Using criteria adopted from the National Survey of Stroke,26 strokes were classified by computer algorithm and categorized into 1 of 4 main types: SAH, intracerebral hemorrhage (ICH), thrombotic brain infarction, or embolic brain infarction. Categories of “possible stroke of undetermined type,” “out-of-hospital fatal stroke” (based on underlying cause of death from the death certificate only), and “no stroke” were also assigned. In the rare instance when a stroke case met criteria for 2 different diagnostic categories, the following hierarchy was used: ICH, SAH, embolic brain infarction, thrombotic brain infarction.

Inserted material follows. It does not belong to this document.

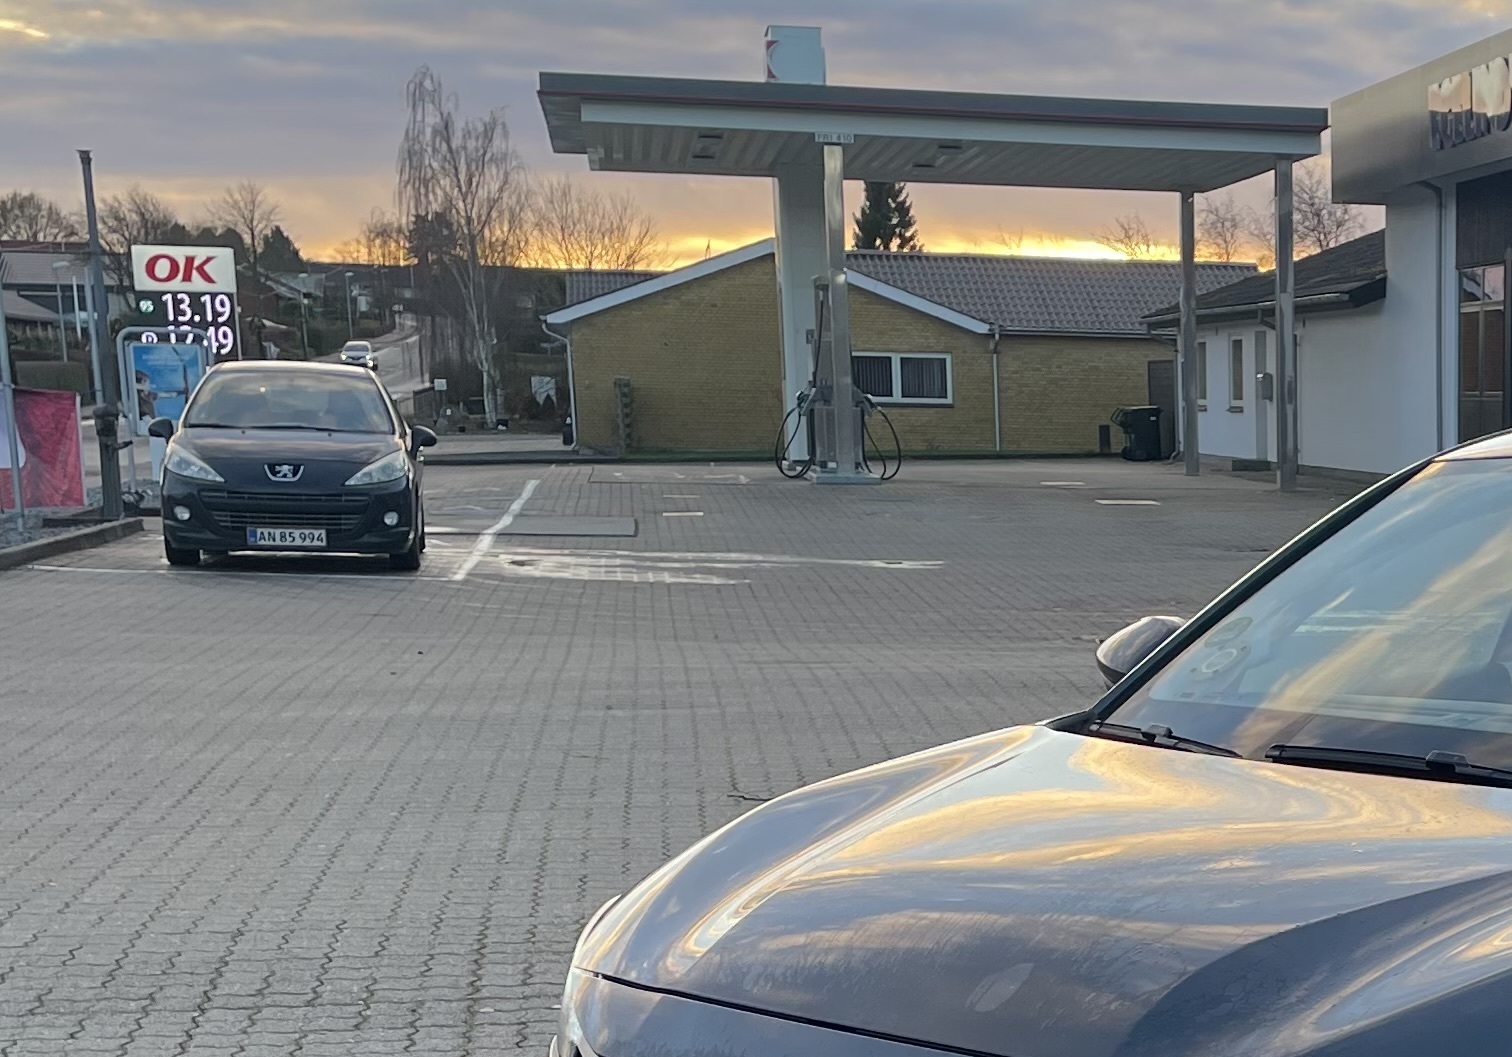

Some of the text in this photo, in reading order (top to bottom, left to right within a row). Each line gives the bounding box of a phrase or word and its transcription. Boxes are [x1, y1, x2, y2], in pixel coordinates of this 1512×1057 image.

[145, 253, 217, 284] OK
[162, 293, 231, 323] 13.19
[258, 531, 324, 544] AN 85 994

In addition to a computer-determined diagnosis, cases were independently reviewed by a physician. The physician-reviewer was provided with a detailed report of the information abstracted from the medical record as well as the full discharge summary, the CT and MRI scan reports, reports from any neurological consults, and admission history summary. The final diagnosis was determined by agreement of computer and reviewer classification. Disagreements were adjudicated by a second physician-reviewer. Although the physician-reviewers used the algorithm described below, they employed their own discretion whenever the algorithm classification clearly failed to match the clinical picture.
The minimum criterion for definite or probable stroke was evidence of sudden or rapid onset of neurological symptoms lasting for >24 hours or leading to death, in the absence of evidence for a nonstroke cause. Exclusionary conditions for a diagnostic classification of stroke included major brain trauma, neoplasm, coma due to metabolic disorders or disorders of fluid or electrolyte balance, vasculitis involving the brain, peripheral neuropathy, hematologic abnormalities, or central nervous system infections. Presence of major symptoms (hemiparesis of 2 or more body parts, homonymous hemianopia, or aphasia) or minor symptoms (diplopia, vertigo or gait disturbance, dysarthria, dysphagia, dysphonia, or unilateral numbness of ≥2 body parts) were also considered in event classification. Vertigo and gait disturbance occurring together were considered 1 minor symptom. The following additional criteria were used to subtype definite or probable strokes.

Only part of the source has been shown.